What needs to be done: Transcribe exactly the line containing "this 1500×1000 image." and every line after it, through the end of the records below.

-- Data excerpts follows --

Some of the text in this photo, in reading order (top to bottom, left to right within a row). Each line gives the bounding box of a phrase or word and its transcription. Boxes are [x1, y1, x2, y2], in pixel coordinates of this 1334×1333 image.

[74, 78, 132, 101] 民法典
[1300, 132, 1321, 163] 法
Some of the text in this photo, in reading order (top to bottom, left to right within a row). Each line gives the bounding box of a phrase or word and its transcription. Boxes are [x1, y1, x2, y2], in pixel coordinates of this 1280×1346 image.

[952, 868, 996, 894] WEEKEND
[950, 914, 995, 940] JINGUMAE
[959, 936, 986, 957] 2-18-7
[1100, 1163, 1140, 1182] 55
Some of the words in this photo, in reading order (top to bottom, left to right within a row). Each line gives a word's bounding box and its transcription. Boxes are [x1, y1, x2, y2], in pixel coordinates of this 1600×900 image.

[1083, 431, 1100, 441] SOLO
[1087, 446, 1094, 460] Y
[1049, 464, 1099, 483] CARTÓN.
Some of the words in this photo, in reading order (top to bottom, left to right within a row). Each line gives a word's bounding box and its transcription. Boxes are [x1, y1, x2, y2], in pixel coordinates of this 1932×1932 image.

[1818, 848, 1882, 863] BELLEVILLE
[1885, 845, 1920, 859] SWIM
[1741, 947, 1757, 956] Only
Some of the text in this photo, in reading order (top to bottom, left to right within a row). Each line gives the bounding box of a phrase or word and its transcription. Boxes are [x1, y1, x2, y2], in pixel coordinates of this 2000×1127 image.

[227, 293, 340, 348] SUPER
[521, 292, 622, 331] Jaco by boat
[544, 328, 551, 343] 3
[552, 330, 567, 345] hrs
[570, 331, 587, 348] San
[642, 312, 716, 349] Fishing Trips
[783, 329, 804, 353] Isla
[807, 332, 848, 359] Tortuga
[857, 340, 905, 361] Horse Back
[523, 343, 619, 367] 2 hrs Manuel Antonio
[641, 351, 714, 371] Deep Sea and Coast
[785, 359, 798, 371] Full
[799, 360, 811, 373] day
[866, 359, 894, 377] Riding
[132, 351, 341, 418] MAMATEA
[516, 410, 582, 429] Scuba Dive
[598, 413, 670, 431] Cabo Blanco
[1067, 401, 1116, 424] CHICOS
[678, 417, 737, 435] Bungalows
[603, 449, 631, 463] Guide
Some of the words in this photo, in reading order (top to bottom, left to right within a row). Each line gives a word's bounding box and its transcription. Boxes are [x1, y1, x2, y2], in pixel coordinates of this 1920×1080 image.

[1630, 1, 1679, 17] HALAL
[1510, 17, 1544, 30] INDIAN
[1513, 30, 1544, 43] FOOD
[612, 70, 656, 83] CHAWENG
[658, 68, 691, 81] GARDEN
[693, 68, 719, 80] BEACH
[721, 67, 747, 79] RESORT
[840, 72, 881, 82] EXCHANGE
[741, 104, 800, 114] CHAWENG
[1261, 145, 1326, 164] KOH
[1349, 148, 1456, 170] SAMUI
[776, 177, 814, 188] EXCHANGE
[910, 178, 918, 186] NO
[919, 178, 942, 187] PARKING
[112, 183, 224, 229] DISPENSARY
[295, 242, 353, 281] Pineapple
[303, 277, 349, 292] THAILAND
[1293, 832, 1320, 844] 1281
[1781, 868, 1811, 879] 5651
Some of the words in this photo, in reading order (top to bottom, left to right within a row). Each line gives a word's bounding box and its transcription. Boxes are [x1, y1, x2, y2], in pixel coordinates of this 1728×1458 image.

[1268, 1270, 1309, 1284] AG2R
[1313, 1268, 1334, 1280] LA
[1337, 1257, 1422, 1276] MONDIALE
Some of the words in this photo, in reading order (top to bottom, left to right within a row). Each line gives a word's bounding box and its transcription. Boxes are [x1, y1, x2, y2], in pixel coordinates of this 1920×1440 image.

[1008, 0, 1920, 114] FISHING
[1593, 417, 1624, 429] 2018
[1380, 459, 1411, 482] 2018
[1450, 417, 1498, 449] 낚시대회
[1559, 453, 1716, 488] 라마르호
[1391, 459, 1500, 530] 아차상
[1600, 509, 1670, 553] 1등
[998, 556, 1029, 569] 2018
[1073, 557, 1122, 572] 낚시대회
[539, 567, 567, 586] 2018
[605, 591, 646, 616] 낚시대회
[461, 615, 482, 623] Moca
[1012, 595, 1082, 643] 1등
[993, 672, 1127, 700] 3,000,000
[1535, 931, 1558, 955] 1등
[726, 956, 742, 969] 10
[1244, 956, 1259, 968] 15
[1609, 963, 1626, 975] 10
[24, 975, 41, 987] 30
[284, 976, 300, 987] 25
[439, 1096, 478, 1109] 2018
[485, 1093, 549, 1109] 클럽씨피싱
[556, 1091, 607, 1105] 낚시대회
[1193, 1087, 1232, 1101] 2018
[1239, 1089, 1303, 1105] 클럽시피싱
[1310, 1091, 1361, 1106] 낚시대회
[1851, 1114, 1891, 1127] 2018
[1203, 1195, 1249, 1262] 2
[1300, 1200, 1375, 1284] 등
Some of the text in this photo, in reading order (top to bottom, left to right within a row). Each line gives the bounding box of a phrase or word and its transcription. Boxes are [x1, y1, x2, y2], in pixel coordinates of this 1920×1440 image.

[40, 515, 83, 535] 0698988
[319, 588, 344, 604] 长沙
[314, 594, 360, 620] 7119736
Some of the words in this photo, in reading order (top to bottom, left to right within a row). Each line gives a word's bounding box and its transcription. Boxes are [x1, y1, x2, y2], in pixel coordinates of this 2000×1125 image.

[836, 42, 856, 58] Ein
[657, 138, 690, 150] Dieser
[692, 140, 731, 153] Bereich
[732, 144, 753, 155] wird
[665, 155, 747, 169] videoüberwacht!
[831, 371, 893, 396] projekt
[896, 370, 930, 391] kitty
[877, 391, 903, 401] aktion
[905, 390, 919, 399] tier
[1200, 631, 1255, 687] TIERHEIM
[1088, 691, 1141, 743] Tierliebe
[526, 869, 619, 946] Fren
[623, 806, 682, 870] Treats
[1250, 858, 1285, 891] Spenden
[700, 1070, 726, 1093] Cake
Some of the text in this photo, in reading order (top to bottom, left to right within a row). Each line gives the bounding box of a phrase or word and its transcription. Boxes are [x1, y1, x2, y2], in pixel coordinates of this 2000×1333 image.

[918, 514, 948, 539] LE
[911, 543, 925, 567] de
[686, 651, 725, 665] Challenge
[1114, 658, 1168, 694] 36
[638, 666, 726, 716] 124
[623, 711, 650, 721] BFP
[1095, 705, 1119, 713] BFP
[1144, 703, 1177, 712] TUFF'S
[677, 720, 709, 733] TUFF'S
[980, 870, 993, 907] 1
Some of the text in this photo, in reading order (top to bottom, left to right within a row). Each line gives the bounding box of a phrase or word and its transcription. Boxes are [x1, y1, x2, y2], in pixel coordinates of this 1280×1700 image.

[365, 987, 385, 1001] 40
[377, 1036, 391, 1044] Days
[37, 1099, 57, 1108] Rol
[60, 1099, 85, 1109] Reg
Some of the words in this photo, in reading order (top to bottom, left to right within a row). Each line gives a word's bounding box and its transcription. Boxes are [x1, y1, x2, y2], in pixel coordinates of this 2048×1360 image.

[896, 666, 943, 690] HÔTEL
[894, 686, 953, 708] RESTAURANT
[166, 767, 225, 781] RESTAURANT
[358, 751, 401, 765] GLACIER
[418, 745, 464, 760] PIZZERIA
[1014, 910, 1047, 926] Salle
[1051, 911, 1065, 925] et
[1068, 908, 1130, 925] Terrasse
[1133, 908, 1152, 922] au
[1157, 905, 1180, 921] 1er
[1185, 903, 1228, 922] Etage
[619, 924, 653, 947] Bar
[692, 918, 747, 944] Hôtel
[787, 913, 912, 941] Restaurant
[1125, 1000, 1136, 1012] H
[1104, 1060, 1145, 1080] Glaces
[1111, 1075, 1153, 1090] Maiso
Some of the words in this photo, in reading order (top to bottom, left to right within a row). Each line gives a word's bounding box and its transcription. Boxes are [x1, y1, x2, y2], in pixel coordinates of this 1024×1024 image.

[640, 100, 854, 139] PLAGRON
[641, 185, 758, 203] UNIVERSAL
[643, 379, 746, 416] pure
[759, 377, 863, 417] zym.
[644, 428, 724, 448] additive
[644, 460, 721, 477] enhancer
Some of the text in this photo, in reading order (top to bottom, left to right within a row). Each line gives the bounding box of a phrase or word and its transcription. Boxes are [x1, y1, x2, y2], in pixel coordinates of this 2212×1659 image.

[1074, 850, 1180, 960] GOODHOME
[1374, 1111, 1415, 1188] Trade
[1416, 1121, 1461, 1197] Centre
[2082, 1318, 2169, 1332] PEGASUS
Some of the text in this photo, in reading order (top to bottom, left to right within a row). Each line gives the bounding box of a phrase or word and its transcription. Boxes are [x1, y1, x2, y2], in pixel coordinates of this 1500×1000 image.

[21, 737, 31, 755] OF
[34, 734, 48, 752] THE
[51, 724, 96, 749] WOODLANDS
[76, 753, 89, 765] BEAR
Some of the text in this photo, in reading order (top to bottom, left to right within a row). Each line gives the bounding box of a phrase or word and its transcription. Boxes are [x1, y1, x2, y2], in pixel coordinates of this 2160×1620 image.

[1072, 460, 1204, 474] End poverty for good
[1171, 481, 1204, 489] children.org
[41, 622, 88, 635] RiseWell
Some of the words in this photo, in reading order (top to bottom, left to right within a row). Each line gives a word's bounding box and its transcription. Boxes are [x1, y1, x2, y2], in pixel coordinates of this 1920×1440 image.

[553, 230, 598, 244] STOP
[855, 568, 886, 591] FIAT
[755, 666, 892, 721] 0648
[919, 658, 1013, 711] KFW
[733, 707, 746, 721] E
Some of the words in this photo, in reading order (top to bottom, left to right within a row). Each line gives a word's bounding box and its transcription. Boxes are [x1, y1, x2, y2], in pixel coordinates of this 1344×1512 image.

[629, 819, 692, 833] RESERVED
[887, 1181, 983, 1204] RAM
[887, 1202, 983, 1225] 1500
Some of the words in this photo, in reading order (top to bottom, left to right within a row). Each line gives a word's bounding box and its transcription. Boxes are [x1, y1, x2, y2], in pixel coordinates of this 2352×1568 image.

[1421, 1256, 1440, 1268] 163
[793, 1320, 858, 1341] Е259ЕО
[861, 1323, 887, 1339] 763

-- Data excerpts concluded --

Output:
Some of the text in this photo, in reading order (top to bottom, left to right within a row). Each line gives the bounding box of a phrase or word and its transcription. Boxes are [x1, y1, x2, y2], in pixel coordinates of this 1500×1000 image.

[21, 737, 31, 755] OF
[34, 734, 48, 752] THE
[51, 724, 96, 749] WOODLANDS
[76, 753, 89, 765] BEAR
Some of the text in this photo, in reading order (top to bottom, left to right within a row). Each line gives the bounding box of a phrase or word and its transcription. Boxes are [x1, y1, x2, y2], in pixel coordinates of this 2160×1620 image.

[1072, 460, 1204, 474] End poverty for good
[1171, 481, 1204, 489] children.org
[41, 622, 88, 635] RiseWell
Some of the words in this photo, in reading order (top to bottom, left to right within a row). Each line gives a word's bounding box and its transcription. Boxes are [x1, y1, x2, y2], in pixel coordinates of this 1920×1440 image.

[553, 230, 598, 244] STOP
[855, 568, 886, 591] FIAT
[755, 666, 892, 721] 0648
[919, 658, 1013, 711] KFW
[733, 707, 746, 721] E
Some of the words in this photo, in reading order (top to bottom, left to right within a row). Each line gives a word's bounding box and its transcription. Boxes are [x1, y1, x2, y2], in pixel coordinates of this 1344×1512 image.

[629, 819, 692, 833] RESERVED
[887, 1181, 983, 1204] RAM
[887, 1202, 983, 1225] 1500
Some of the words in this photo, in reading order (top to bottom, left to right within a row). Each line gives a word's bounding box and its transcription. Boxes are [x1, y1, x2, y2], in pixel coordinates of this 2352×1568 image.

[1421, 1256, 1440, 1268] 163
[793, 1320, 858, 1341] Е259ЕО
[861, 1323, 887, 1339] 763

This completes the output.